The web page also gives some warnings:
There are two that I wish to highlight. First, it is important to be very open and honest with your romantic partner about the nature of your relationship with your friend. There cannot be any secrets. With this I do not mean that I need to divulge my friend's secrets to my romantic partner, but that if I speak about my romantic partner to my friend, my partner has the right to know. My partner needs also know what my friend and I do together. Not only will this put my partner's mind at ease, but it will build trust. Second, one need to continually assess your friendship and see if you are not possibly having an emotional affair; in other words, is your friendship fulfilling some emotional needs that your romantic partner ought to fulfil? If so, you have to re-establish proper boundaries (which may include distancing yourself from your friend) and make a decided effort to fix the emotional gap you and your romantic partner is experiencing.

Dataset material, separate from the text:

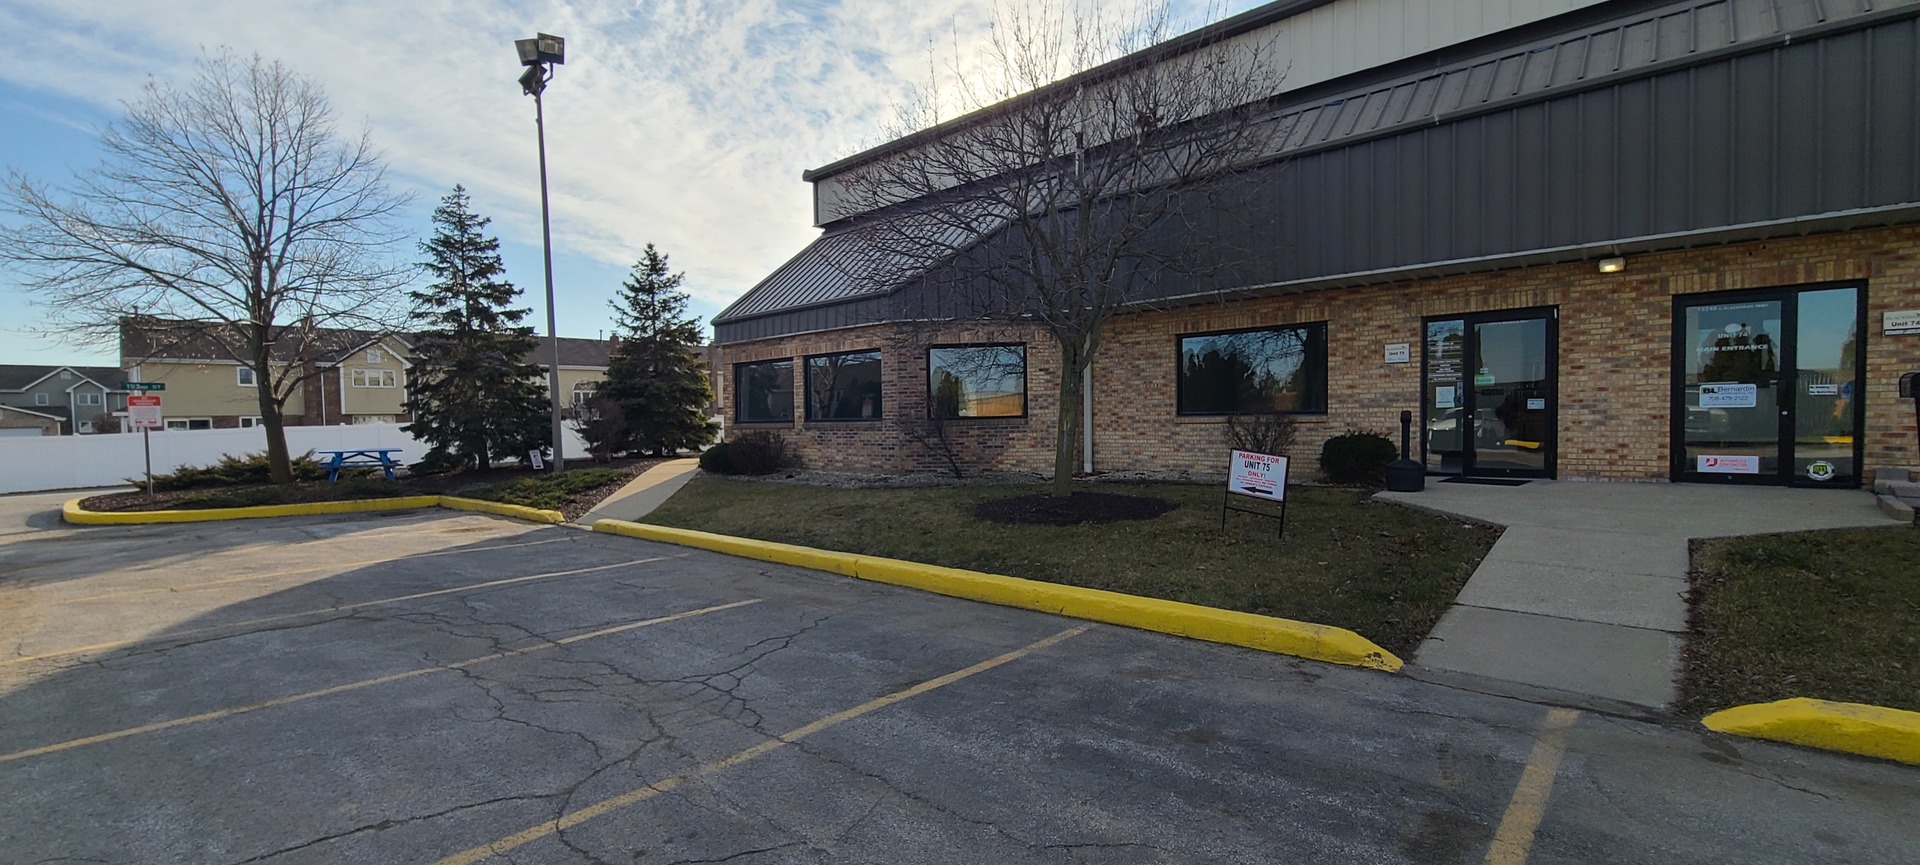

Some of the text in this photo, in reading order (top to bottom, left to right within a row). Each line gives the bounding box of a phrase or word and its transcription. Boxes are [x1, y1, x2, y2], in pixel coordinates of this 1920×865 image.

[1696, 344, 1769, 353] MAIN ENTRANCE
[1238, 452, 1280, 464] PARKING FOR
[1244, 460, 1271, 471] UNIT 75

From my personal experience and around fifteen years of being blessed by it, I can honestly say that platonic male-female friendship can work. I have frequently thanked God for the blessing I have received from this friendship and am quite convinced that this friendship has been a providential gift. I am convinced that our respective partners (past and present) have much to owe for the encouraging relationship that my best friend and I have. That doesn't mean that we are not sometimes critical of each other and our relationships. In fact, my friend and I often confront each other and challenge each other. But it is never motivated by jealousy or some other malicious intend. Rather, we look out for each other and only has each other's best interests in mind.
Having a wonderful platonic friendship with someone of the opposite sex is definitely possible and can be a great blessing.